* EXERCISE GOAL
Apart from the images, repeat the data below exactly as written.

* DATA FOR REVIEW
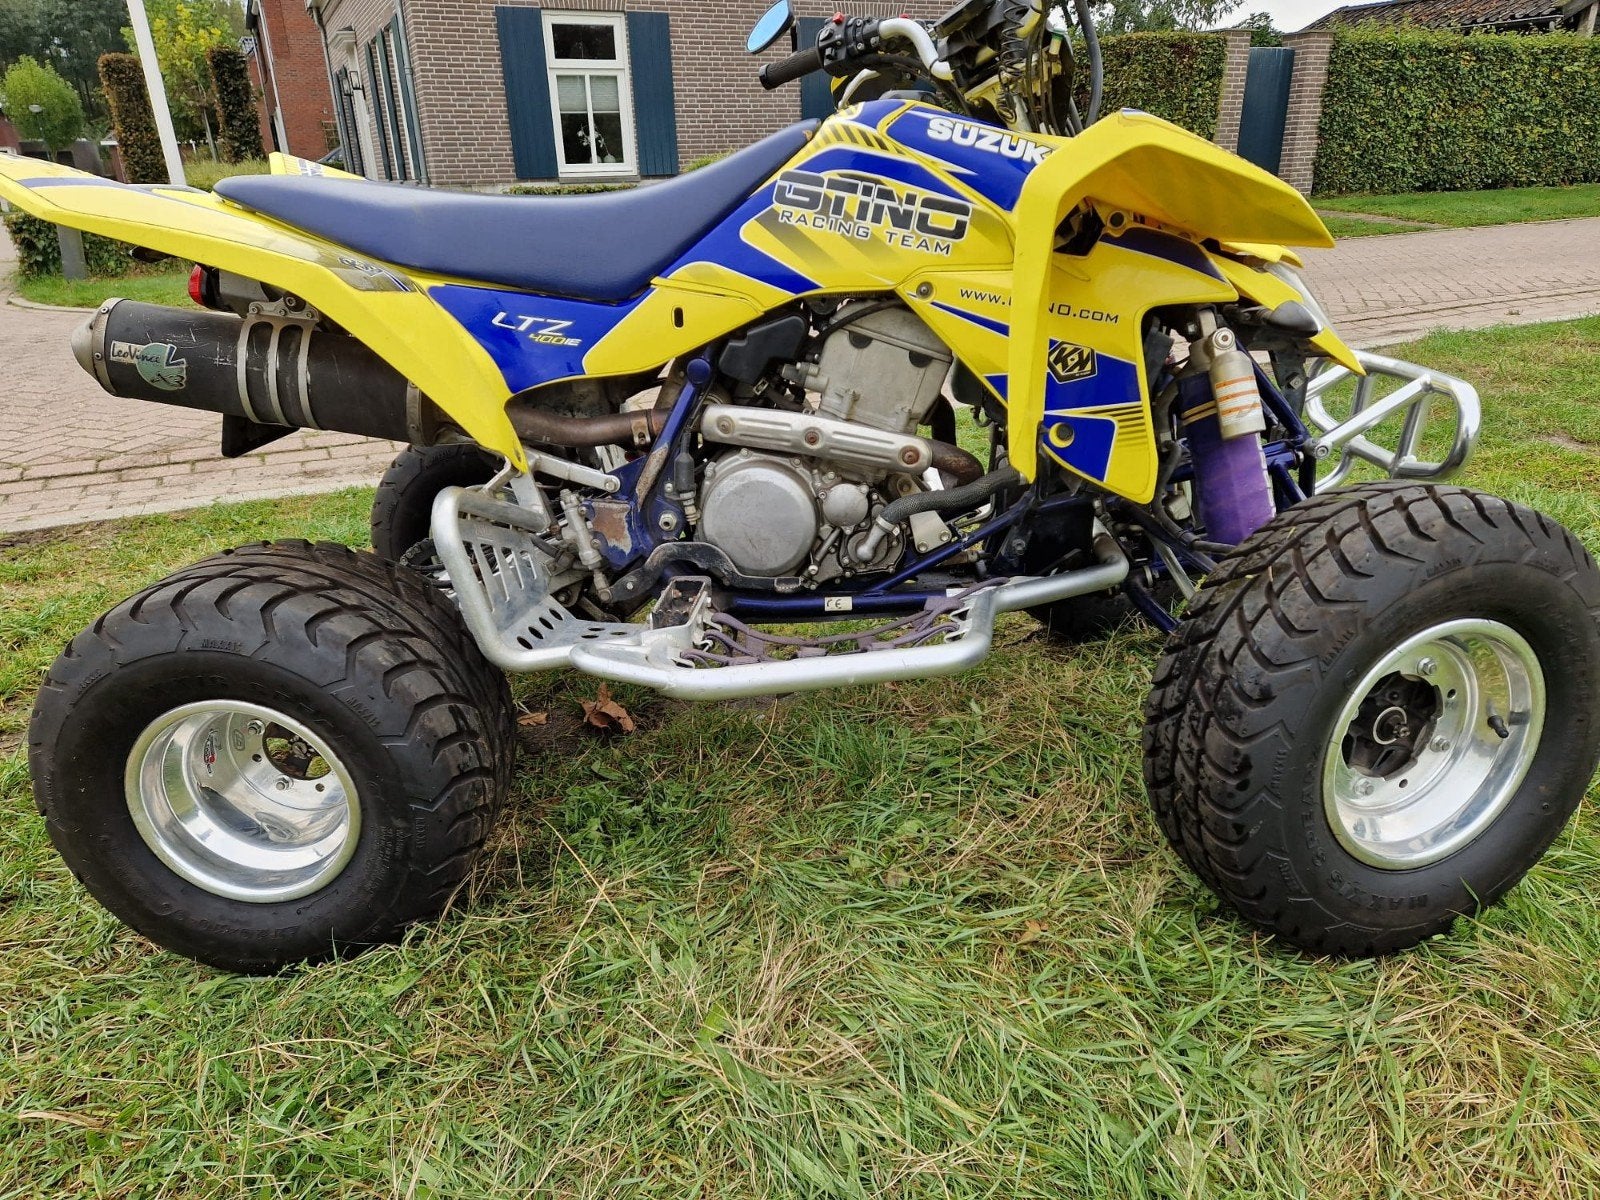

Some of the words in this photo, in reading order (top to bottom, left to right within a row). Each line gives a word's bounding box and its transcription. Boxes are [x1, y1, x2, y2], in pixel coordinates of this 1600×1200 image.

[927, 117, 1053, 165] SUZUK
[779, 209, 870, 240] RACING
[886, 230, 951, 256] TEAM
[491, 311, 574, 336] LTZ
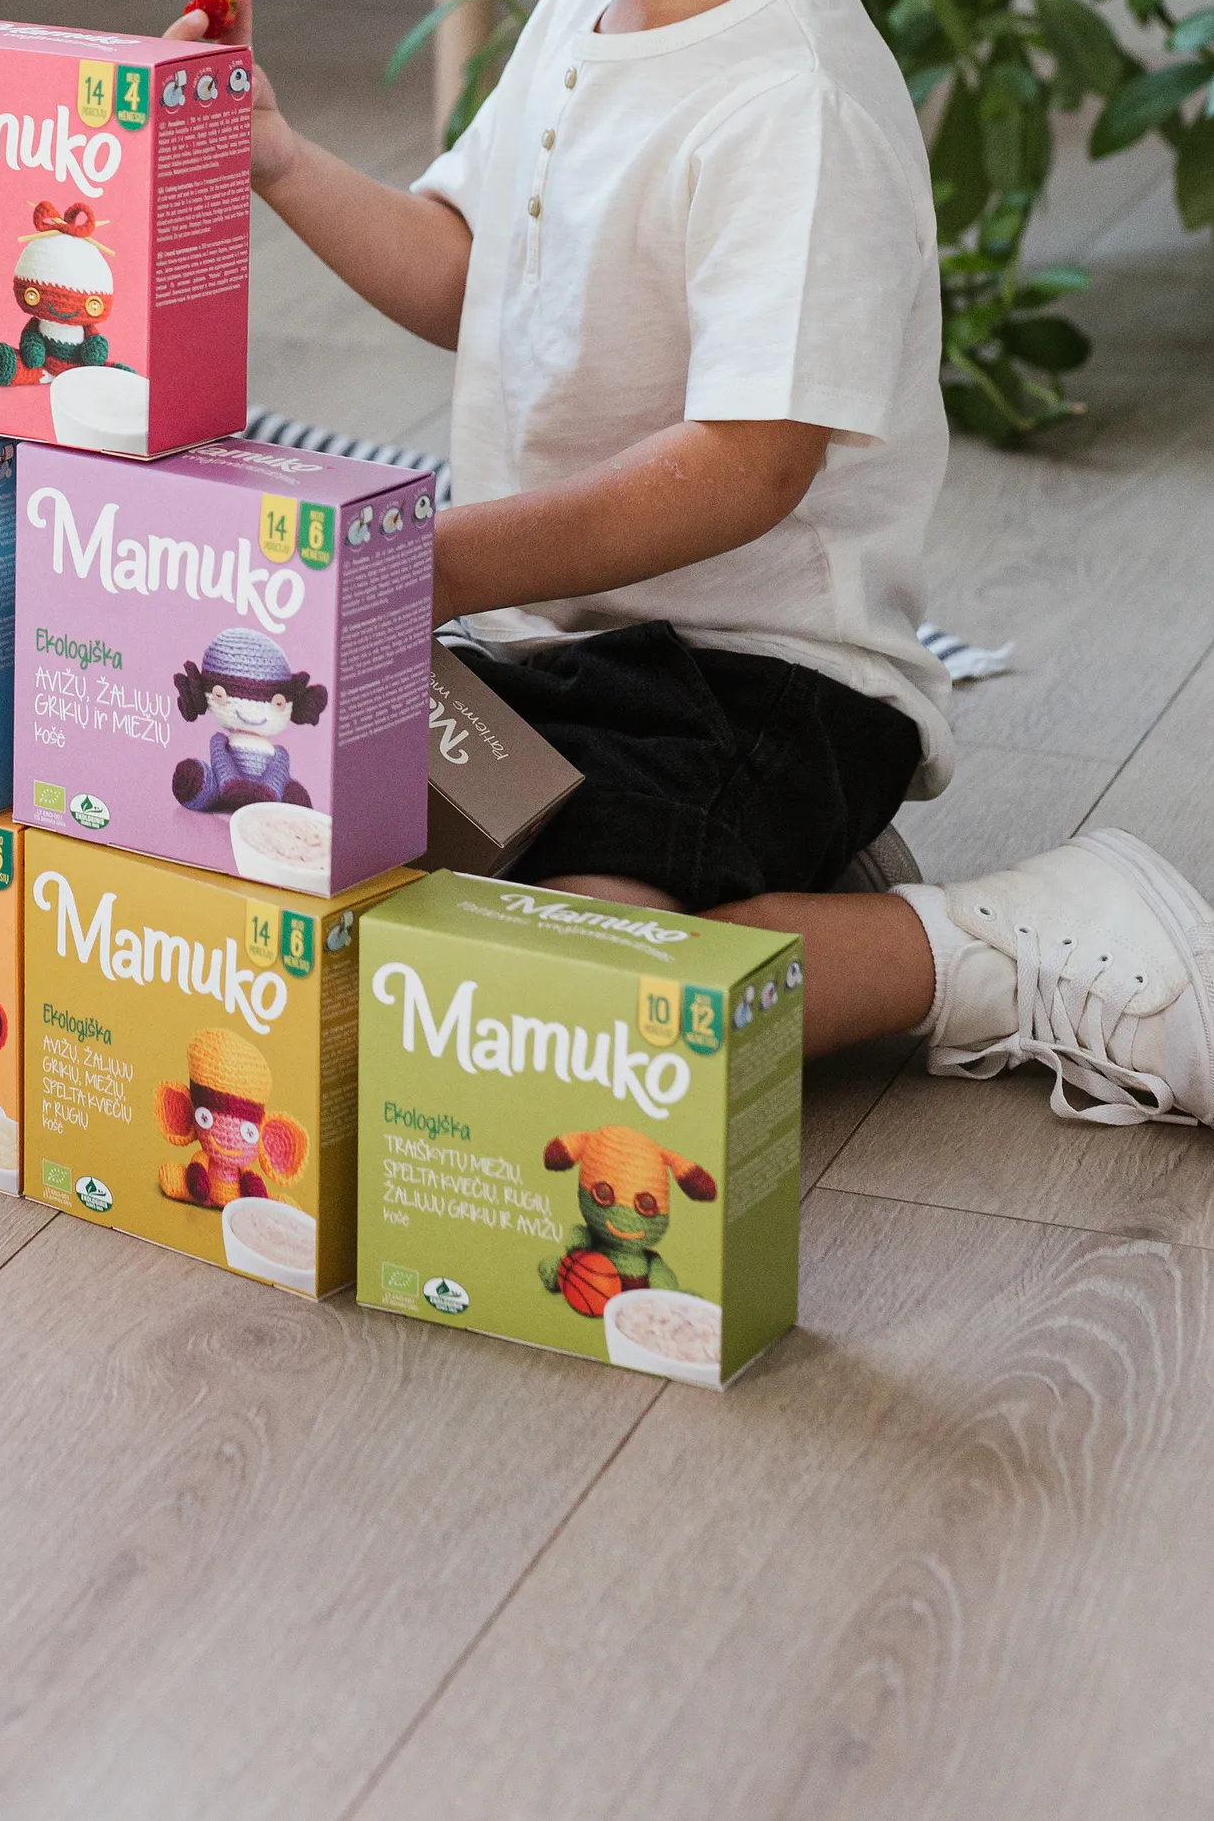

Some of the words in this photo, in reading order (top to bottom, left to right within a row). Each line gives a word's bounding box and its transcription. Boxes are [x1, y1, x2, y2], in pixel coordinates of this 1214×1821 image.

[85, 76, 104, 105] 14
[124, 81, 140, 112] 4
[187, 442, 323, 473] amuko
[267, 511, 288, 541] 14
[308, 520, 324, 550] 6
[26, 487, 305, 633] Mamuko
[36, 627, 123, 670] Ekologiška
[96, 675, 171, 722] ŽALIŲJŲ
[34, 693, 89, 729] GRIKIŲ
[94, 706, 108, 730] ir
[112, 711, 171, 748] MIEŽIŲ
[34, 721, 66, 748] košė
[452, 700, 509, 760] Patiems
[252, 916, 271, 947] 14
[499, 893, 688, 944] Mamuko
[33, 870, 288, 1035] Mamuko
[290, 929, 304, 958] 6
[43, 1003, 112, 1045] Ekologiška
[648, 993, 670, 1024] 10
[690, 1001, 714, 1035] 12
[371, 961, 690, 1121] Mamuko
[83, 1046, 134, 1083] ŽALIŲJŲ
[42, 1077, 87, 1107] SPELTA
[87, 1091, 132, 1124] KVIEČIŲ
[54, 1099, 89, 1130] RUGIŲ
[383, 1101, 472, 1141] Ekologiška
[383, 1158, 439, 1190] SPELTA

* SOLVED EXERCISE
Some of the words in this photo, in reading order (top to bottom, left to right within a row). Each line gives a word's bounding box and its transcription. Boxes are [x1, y1, x2, y2], in pixel coordinates of this 1600×1200 image.

[927, 117, 1053, 165] SUZUK
[779, 209, 870, 240] RACING
[886, 230, 951, 256] TEAM
[491, 311, 574, 336] LTZ

Some of the words in this photo, in reading order (top to bottom, left to right within a row). Each line gives a word's bounding box and its transcription. Boxes are [x1, y1, x2, y2], in pixel coordinates of this 1214×1821 image.

[85, 76, 104, 105] 14
[124, 81, 140, 112] 4
[187, 442, 323, 473] amuko
[267, 511, 288, 541] 14
[308, 520, 324, 550] 6
[26, 487, 305, 633] Mamuko
[36, 627, 123, 670] Ekologiška
[96, 675, 171, 722] ŽALIŲJŲ
[34, 693, 89, 729] GRIKIŲ
[94, 706, 108, 730] ir
[112, 711, 171, 748] MIEŽIŲ
[34, 721, 66, 748] košė
[452, 700, 509, 760] Patiems
[252, 916, 271, 947] 14
[499, 893, 688, 944] Mamuko
[33, 870, 288, 1035] Mamuko
[290, 929, 304, 958] 6
[43, 1003, 112, 1045] Ekologiška
[648, 993, 670, 1024] 10
[690, 1001, 714, 1035] 12
[371, 961, 690, 1121] Mamuko
[83, 1046, 134, 1083] ŽALIŲJŲ
[42, 1077, 87, 1107] SPELTA
[87, 1091, 132, 1124] KVIEČIŲ
[54, 1099, 89, 1130] RUGIŲ
[383, 1101, 472, 1141] Ekologiška
[383, 1158, 439, 1190] SPELTA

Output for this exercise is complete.